Perchè il déjà vu ha questo di strano: è un'esperienza molto comune e allo stesso tempo non se ne sa quasi nulla.
Per coloro che non l'hanno mai provato spieghiamo che per "déjà vu" si intende: la sensazione soggettiva che una situazione sia stata già percepita precedentemente, associata alla consapevolezza che non può essere accaduto.
Alla fine del diciannovesimo secolo gli psicologi produssero qualche spiegazione di questo strano e misterioso fenomeno, ma poichè si presentava troppo raro e troppo effimero da catturare in laboratorio e siccome non produceva alcun comportamento esterno misurabile, la psicologia lo archiviò presto in un cassetto con su scritto “interessante, ma inspiegabile”.
Nel corso degli ultimi venti anni, forte dei progressi nel campo delle neuroscienze, qualche ardito studioso ha riaperto il cassetto e ha cercato di tirar fuori una spiegazione convincente che si armonizzasse con le conoscenze acquisite sul funzionamento del cervello.
Il prof. Alan S. Brown, psicologo alla Southern Methodist University ha scritto un libro nel 2003 dal titolo "The Déjà Vu Experience: Essays in Cognitive Psychology" (Psychology Press) in cui fa il punto sulla situazione della ricerca.
In questa review Brown stima che il 60% della popolazione generale abbia avuto almeno una esperienza di déjà vu, in maggiore frequenza sotto stress (Neppe, 1983); la durata tipica di un episodio non supera una manciata di secondi.

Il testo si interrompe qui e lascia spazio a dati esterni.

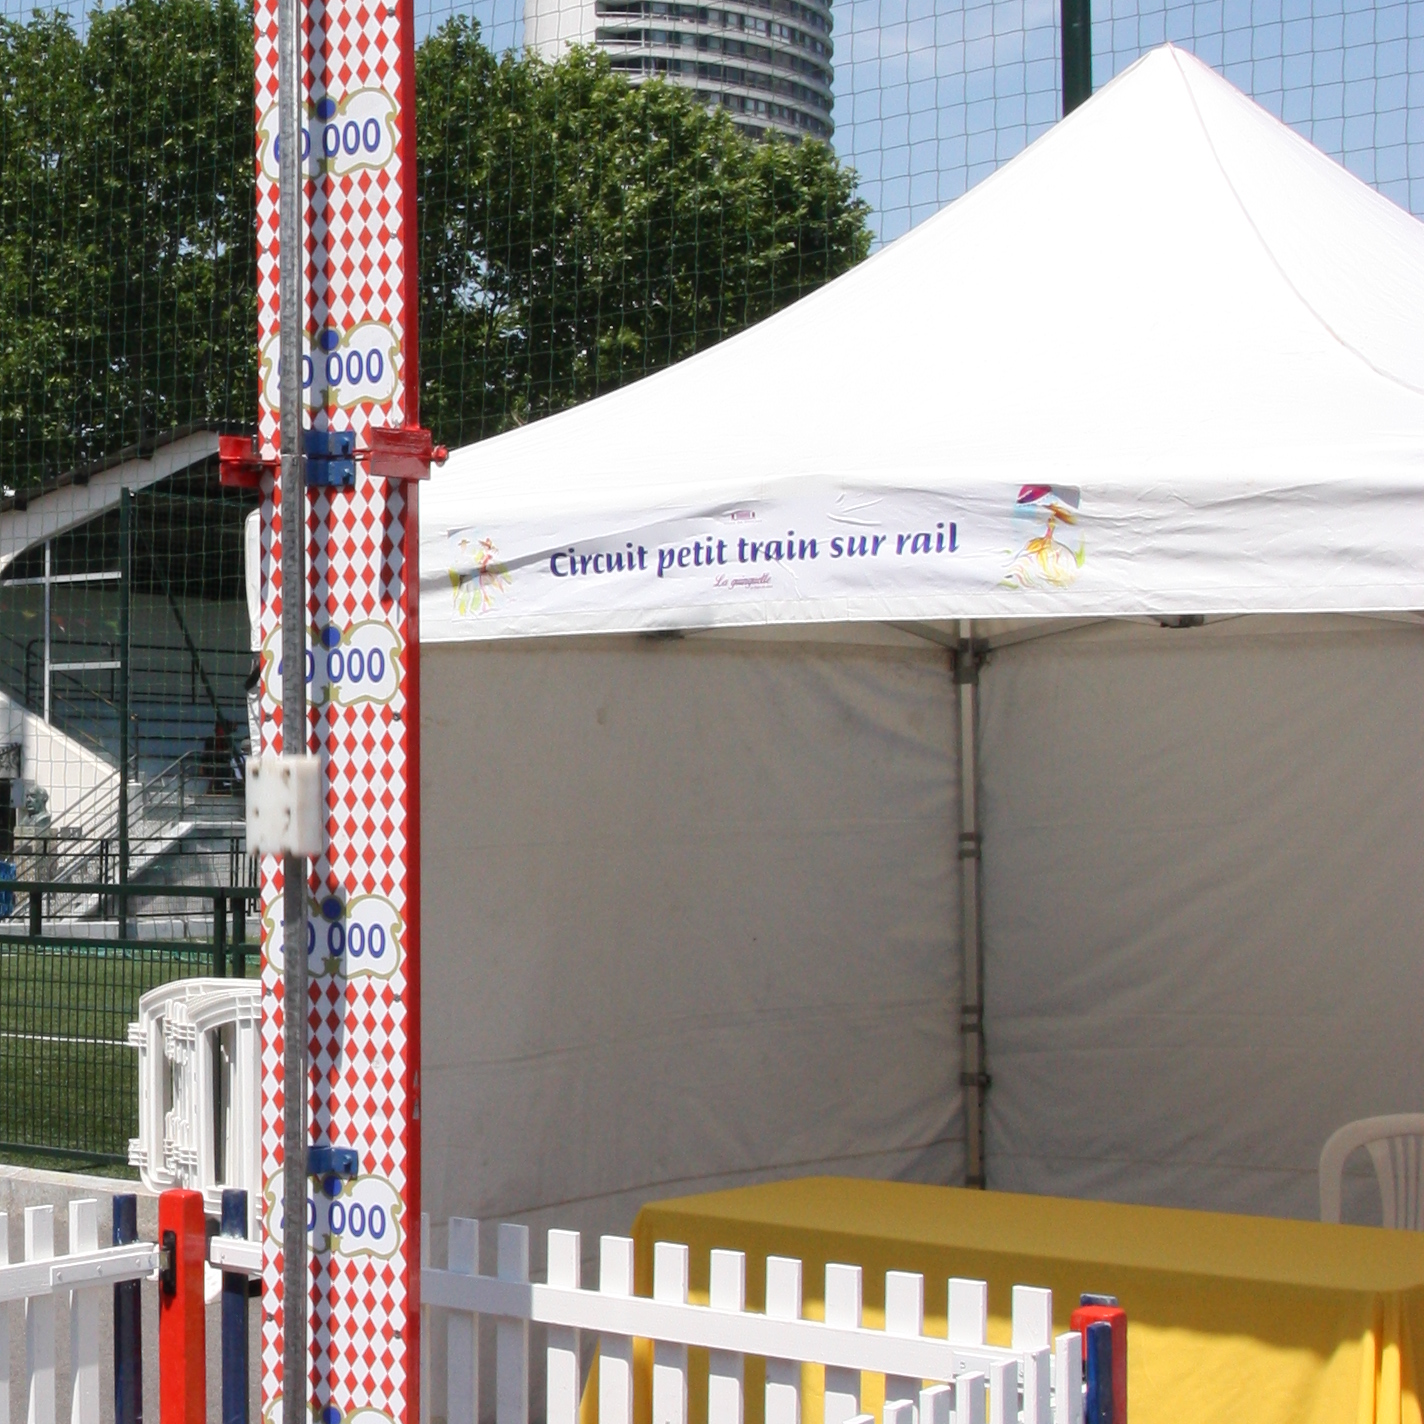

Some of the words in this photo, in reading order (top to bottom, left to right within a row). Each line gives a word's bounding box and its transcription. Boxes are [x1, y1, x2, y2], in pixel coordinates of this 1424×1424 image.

Secondo Brown le teorie attuali sul déjà vu possono essere classificate in quattro sottogruppi:
1) Spiegazioni puramente neurologiche: il déjà vu sarebbe il risultato di una breve disfunzione/interruzione del sistema nervoso, simile a quelle causate dall’epilessia.
Questa idea trova supporto nella constatazione che i soggetti epilettici riferiscono spesso episodi di déjà vu proprio prima di un attacco. I ricercatori hanno inoltre scoperto che il déjà vu può essere attivamente indotto stimolando elettricamente certe regioni del cervello.
Nel 2002 il medico austriaco Josef Spatt ha suggerito che il déjà vu possa esser causato da un breve e inappropriato attivarsi della corteccia paraippocampale che è notoriamente associata con la capacità di rilevare la familiarità. In altri termini mentre si sta osservando una scena nel presente si attiverebbe erroneamente questa porzione del cervello che le attribuirebbe "per sbaglio" le caratteristiche che normalmente accompagnano un ricordo consapevole.

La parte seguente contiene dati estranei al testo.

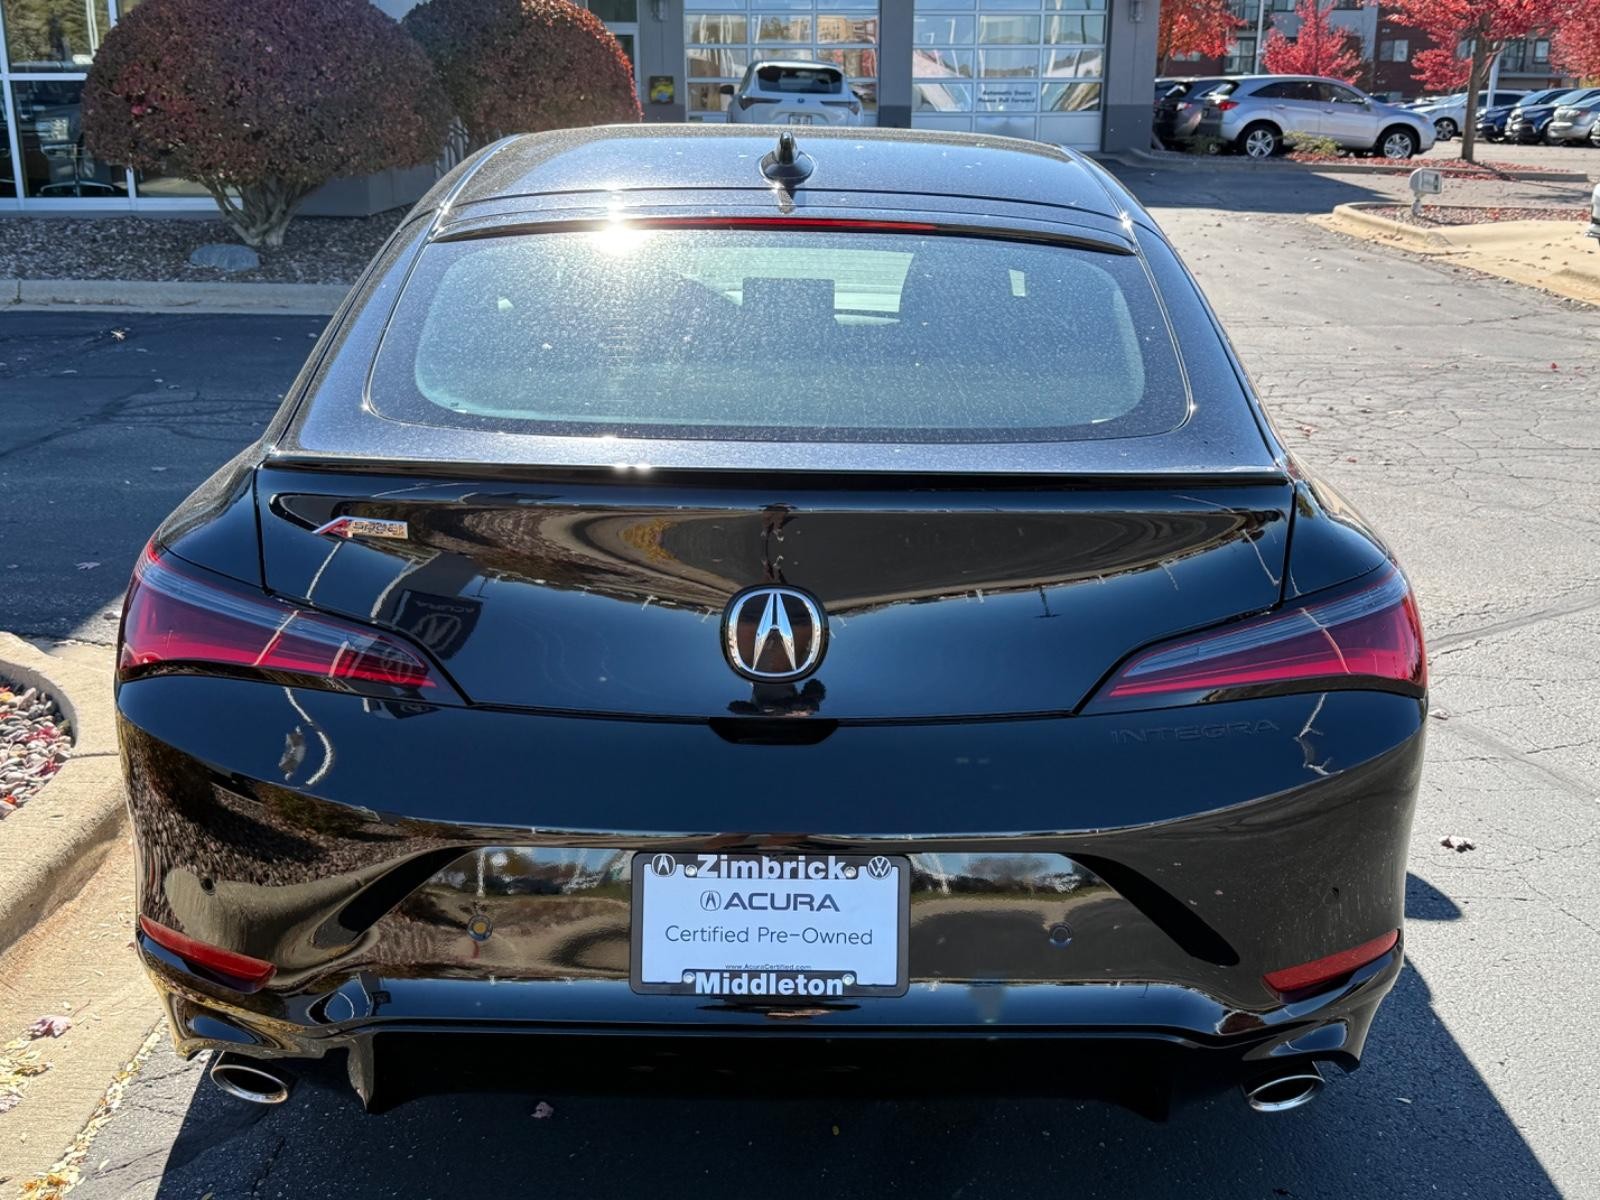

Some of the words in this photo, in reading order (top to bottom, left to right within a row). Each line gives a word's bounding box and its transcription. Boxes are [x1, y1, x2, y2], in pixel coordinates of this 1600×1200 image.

[1109, 719, 1281, 745] INTEGRA
[697, 854, 847, 880] Zimbrick
[723, 892, 841, 912] ACURA
[665, 924, 749, 943] Certified
[757, 926, 873, 946] Pre-Owned
[695, 971, 844, 996] Middleton

2)La teoria del processamento duale. Nel 1990 Pierre Gloor condusse alcuni esperimenti che suggerirono la possibilità che la memoria coinvolgesse due distinti sistemi neurali uno per il recupero del ricordo e un altro per la "sensazione di familiarità". Secondo il neuroscienziato il déjà vu si verificherebbe nei rari momenti in cui il nostro sistema per la familiarità è attivato e quello del recupero mnestico no.

3)La teoria attenzionale suggerisce che il déjà vu sia il frutto di una “doppia percezione”. L'informazione in entrata sarebbe processata pre-attentivamente cioè in maniera non cosciente, subliminale se preferite. A questo punto si verificherebbe una sorta di piccolo black out e immediatamente dopo l’informazione verrebbe riprocessata in maniera attenzionale cioè consapevole.
La sensazione di familiarità sarebbe dovuta semplicemente al fatto che quella porzione di mondo, pur non accorgendomene minimamente, “l’ho già vista” un attimo prima.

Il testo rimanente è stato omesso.